The Vigneaux clock
The right time since 1976!
Hanging from the bell tower of the Saint-Laurent church, the Vigneaux Clock has been beating time for more than two centuries. Forged in 1786 for the collegiate church of Briançon, this “eight-day” clock (autonomy of one week) has had several lives… before finding refuge in Les Vigneaux. In 1890, considered outdated, it was dismantled. But he did not count on the village priest, Henri Faure, who recovered it with the help of the inhabitants to install it in the bell tower. There was a long silence afterwards, until high school students from the Briançon high school resurrected it between 1989 and 2011, as part of the “Altitude Clocks” project. Since then, it has been turning, ringing, living.
There are no minute hands here: we live on a slow hour. Three strokes a day — 8 a.m., 12 p.m., 7 p.m. — and every six days, a team of volunteers cranks the weights. Without them, total silence.
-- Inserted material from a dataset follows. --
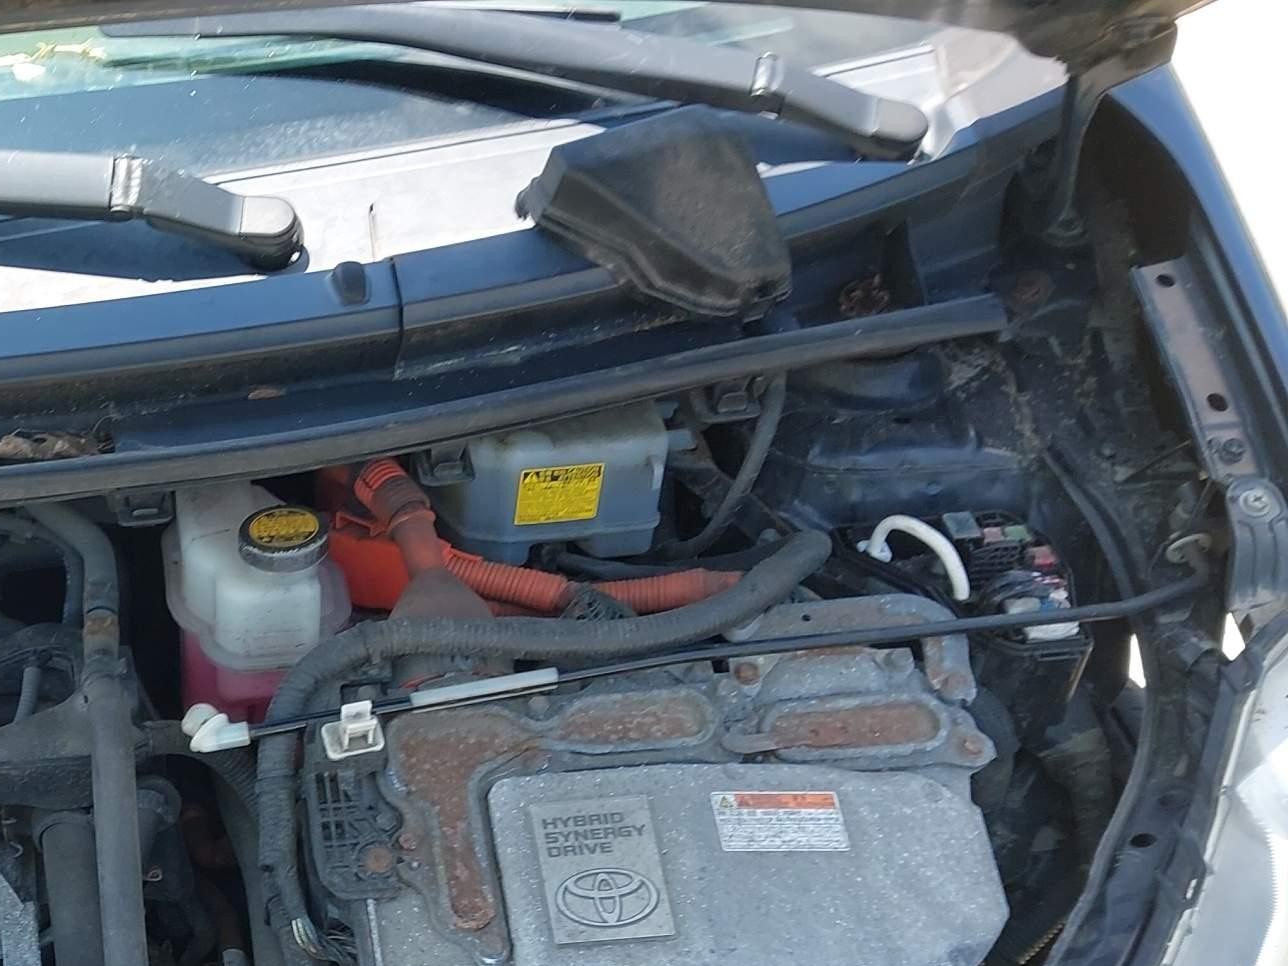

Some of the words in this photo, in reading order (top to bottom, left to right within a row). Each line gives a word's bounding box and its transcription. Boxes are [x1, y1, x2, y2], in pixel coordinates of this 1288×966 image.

[542, 812, 624, 830] HYBRID
[544, 824, 646, 844] SYNERGY
[547, 842, 614, 858] DRIVE
It’s living heritage, in the literal sense.


How to discover the Vigneaux Clock?
- Guided tour of the bell tower – on registration (beware, steep staircase!)
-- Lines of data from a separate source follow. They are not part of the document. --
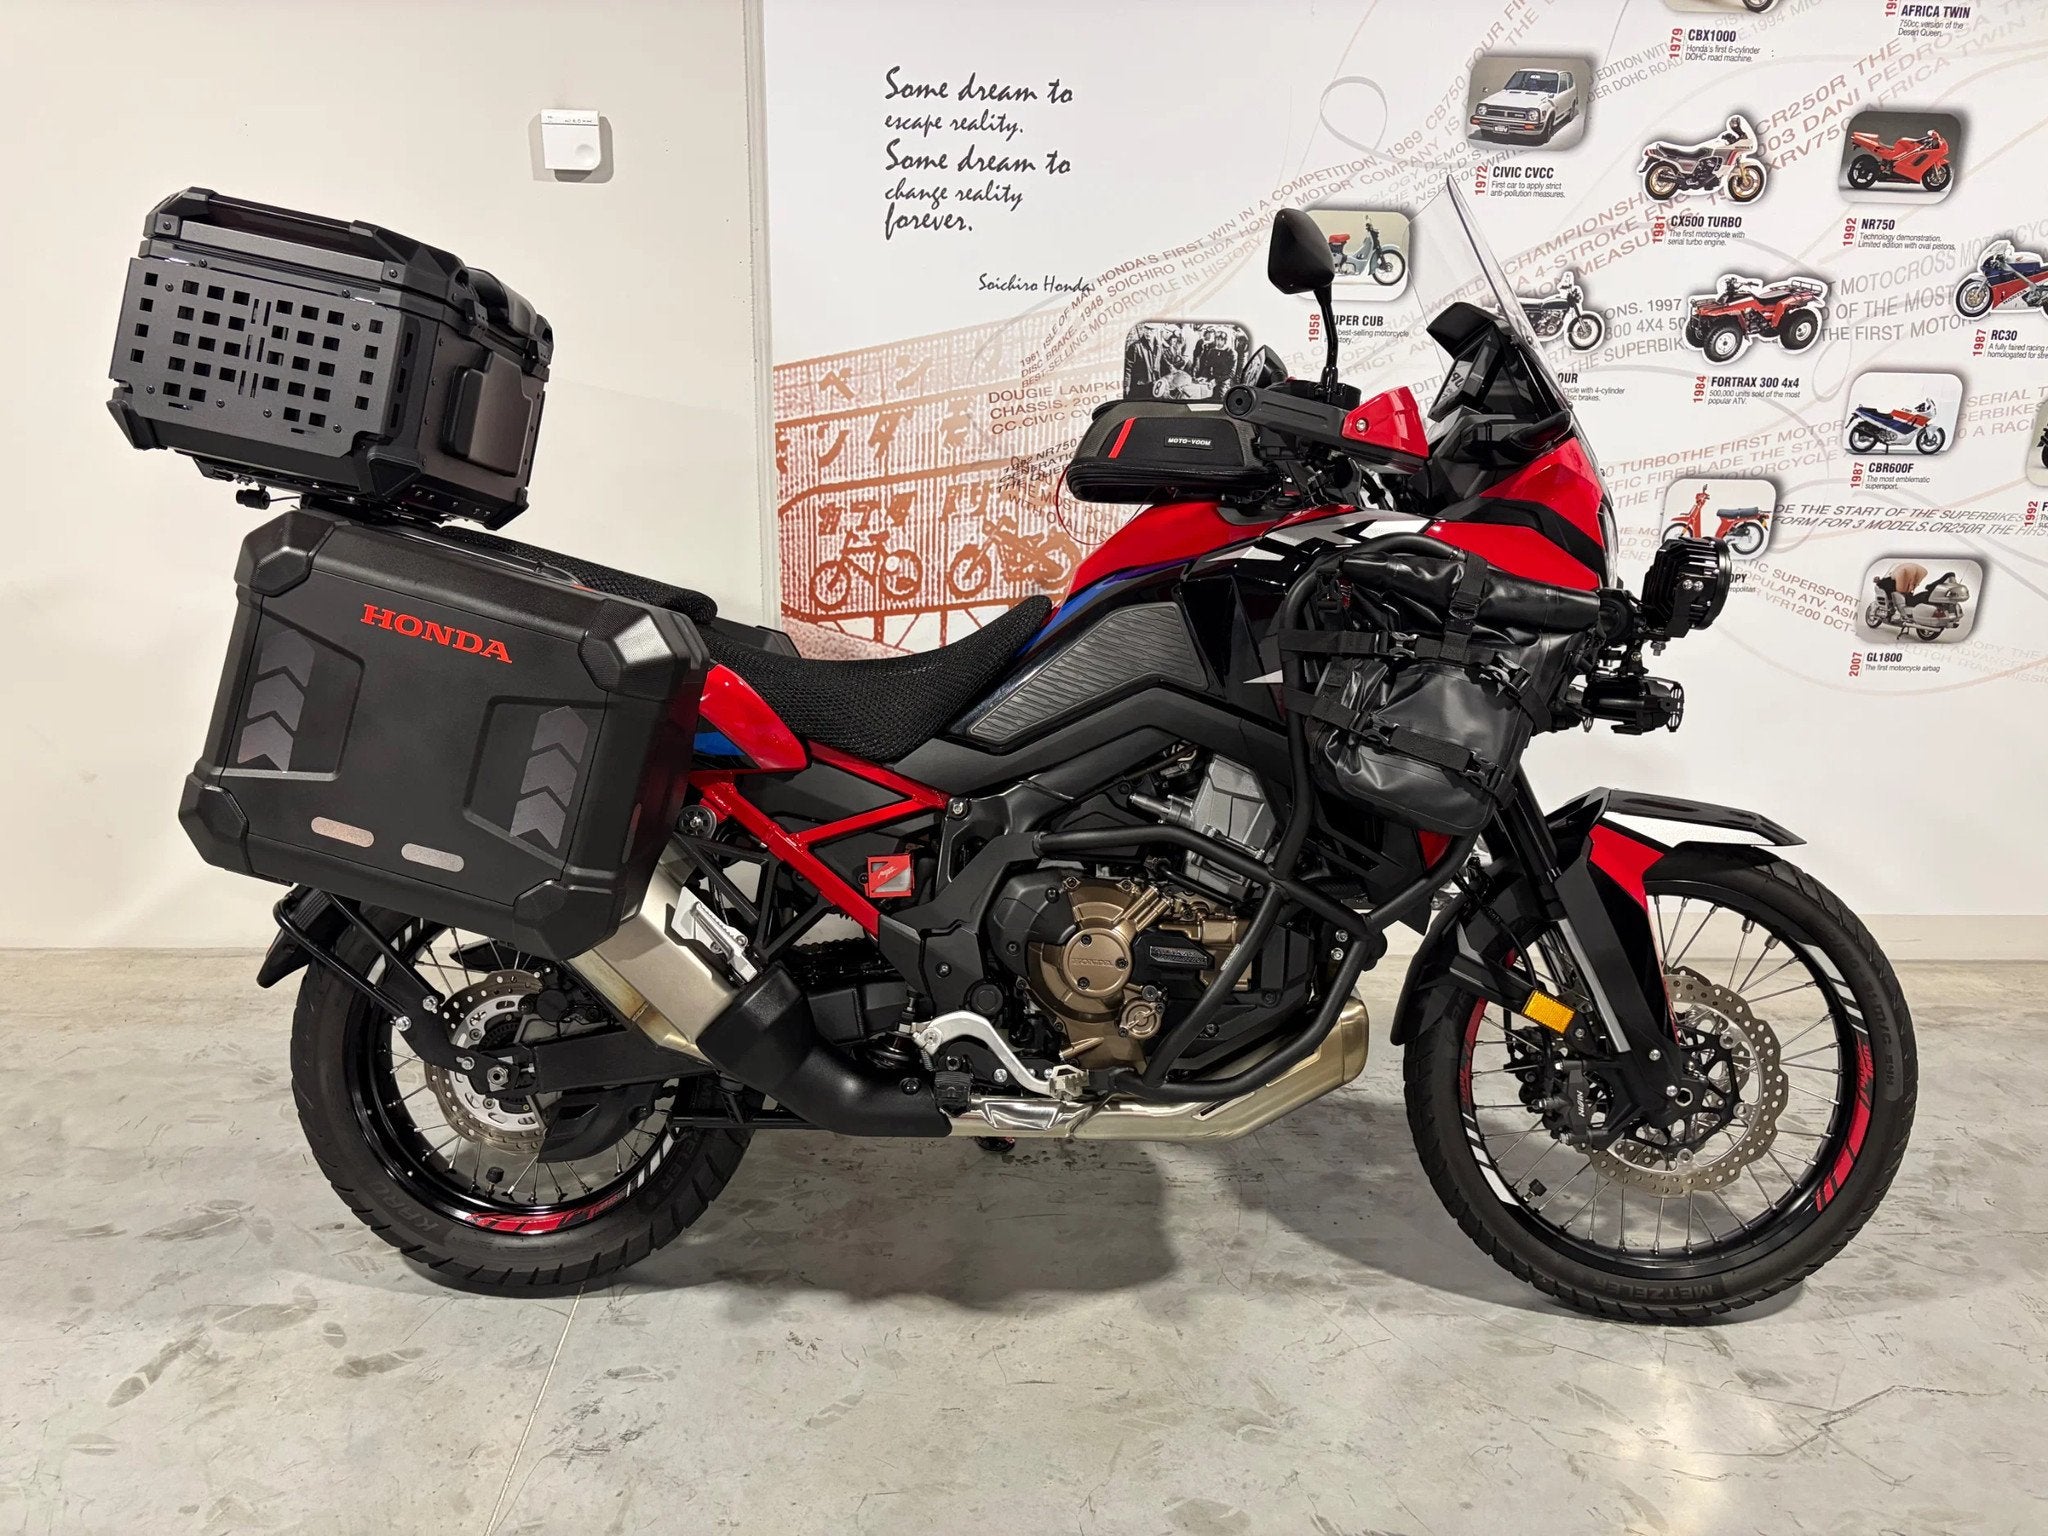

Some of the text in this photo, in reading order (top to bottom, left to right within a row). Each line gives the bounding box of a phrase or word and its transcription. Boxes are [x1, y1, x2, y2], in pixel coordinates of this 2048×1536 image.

[1901, 5, 1940, 17] AFRICA
[1943, 6, 1971, 19] TWIN
[1688, 29, 1737, 42] CBX1000
[1898, 28, 1919, 36] Desert
[1669, 28, 1683, 59] 1979
[1686, 45, 1713, 53] Honda's
[1715, 45, 1727, 53] first
[1685, 53, 1706, 61] DOHC
[1852, 37, 1907, 77] THE
[1596, 54, 1643, 81] EDITION
[885, 66, 1074, 104] Some dream to
[1803, 88, 1862, 132] DANI
[885, 109, 1024, 142] escape reality.
[885, 138, 1071, 175] Some dream to
[1475, 165, 1488, 196] 1972
[1492, 166, 1554, 179] CIVIC CVCC
[885, 177, 1024, 212] change reality
[1491, 181, 1505, 189] First
[1518, 182, 1526, 190] to
[1527, 182, 1545, 191] apply
[1545, 182, 1562, 190] strict
[1043, 326, 1059, 350] ISLE
[1058, 307, 1074, 327] OF
[1096, 254, 1159, 286] HONDA'S
[1162, 238, 1204, 261] FIRST
[1208, 219, 1237, 241] WIN
[1239, 207, 1255, 222] IN
[1258, 200, 1270, 211] A
[1386, 130, 1423, 158] 1969
[1426, 75, 1466, 131] CB750
[885, 202, 973, 241] forever.
[1652, 216, 1666, 244] 1981
[1671, 215, 1742, 228] CX500 TURBO
[1861, 219, 1895, 230] NR750
[1682, 230, 1694, 238] first
[1695, 231, 1731, 239] motorcycle
[1732, 231, 1745, 239] with
[1843, 218, 1857, 246] 1992
[1860, 232, 1895, 242] Technology
[1685, 238, 1703, 246] turbo
[1704, 239, 1727, 247] engine.
[1858, 241, 1879, 249] Limited
[1020, 360, 1043, 378] DISC
[1080, 294, 1104, 322] 1948
[1107, 263, 1176, 298] SOICHIRO
[1182, 238, 1235, 269] HONDA
[1295, 179, 1354, 206] MOTOR
[1360, 137, 1441, 185] COMPANY
[1841, 251, 1955, 295] MOTOCROSS
[978, 273, 1091, 292] Soichiro Honda
[1089, 278, 1182, 334] MOTORCYCLE
[1648, 299, 1682, 312] 1997
[1836, 303, 1858, 320] OF
[1864, 300, 1898, 318] THE
[1308, 313, 1321, 342] 1958
[1362, 315, 1384, 327] CUB
[1637, 318, 1664, 333] 4X4
[1374, 330, 1409, 339] motorcycle
[1855, 324, 1904, 341] FIRST
[1991, 330, 2018, 341] RC30
[1972, 329, 1986, 357] 1987
[1995, 343, 2007, 351] fully
[1694, 375, 1706, 402] 1984
[1711, 376, 1800, 388] FORTRAX 300 4x4
[988, 386, 1053, 404] DOUGIE
[1708, 397, 1732, 406] popular
[1709, 390, 1735, 398] 500,000
[1966, 389, 2031, 407] SERIAL
[1721, 434, 1772, 454] FIRST
[1752, 447, 1784, 462] THE
[1850, 462, 1864, 488] 1987
[1869, 463, 1914, 473] CBR600F
[1866, 475, 1878, 483] The
[1800, 504, 1831, 515] THE
[1833, 505, 1884, 516] START
[1885, 507, 1907, 517] OF
[1908, 508, 1938, 519] THE
[2024, 501, 2038, 527] 1992
[1818, 518, 1851, 529] FOR
[1852, 519, 1863, 529] 3
[1987, 524, 2018, 535] THE
[360, 603, 513, 664] HONDA
[1848, 652, 1862, 677] 2007
[1866, 652, 1903, 663] GL1800
[1889, 665, 1921, 673] motorcycle
[1071, 958, 1114, 968] HONDA
- Winding demonstration – every other Saturday
- LegendR tour – augmented reality around the church
- Wine trail – 1h30 from the bell tower
- Irrigation canal loop – 2-hour walk nearby
- Frescoes of the Saint-Étienne church in Vallouise – 5 km away
- Vigneaux town hall car park – access in 2 minutes
The Vigneaux Clock is much more than an old mechanism: it is a collective project, a ticking passed down from generation to generation. And you, are you coming to see it film?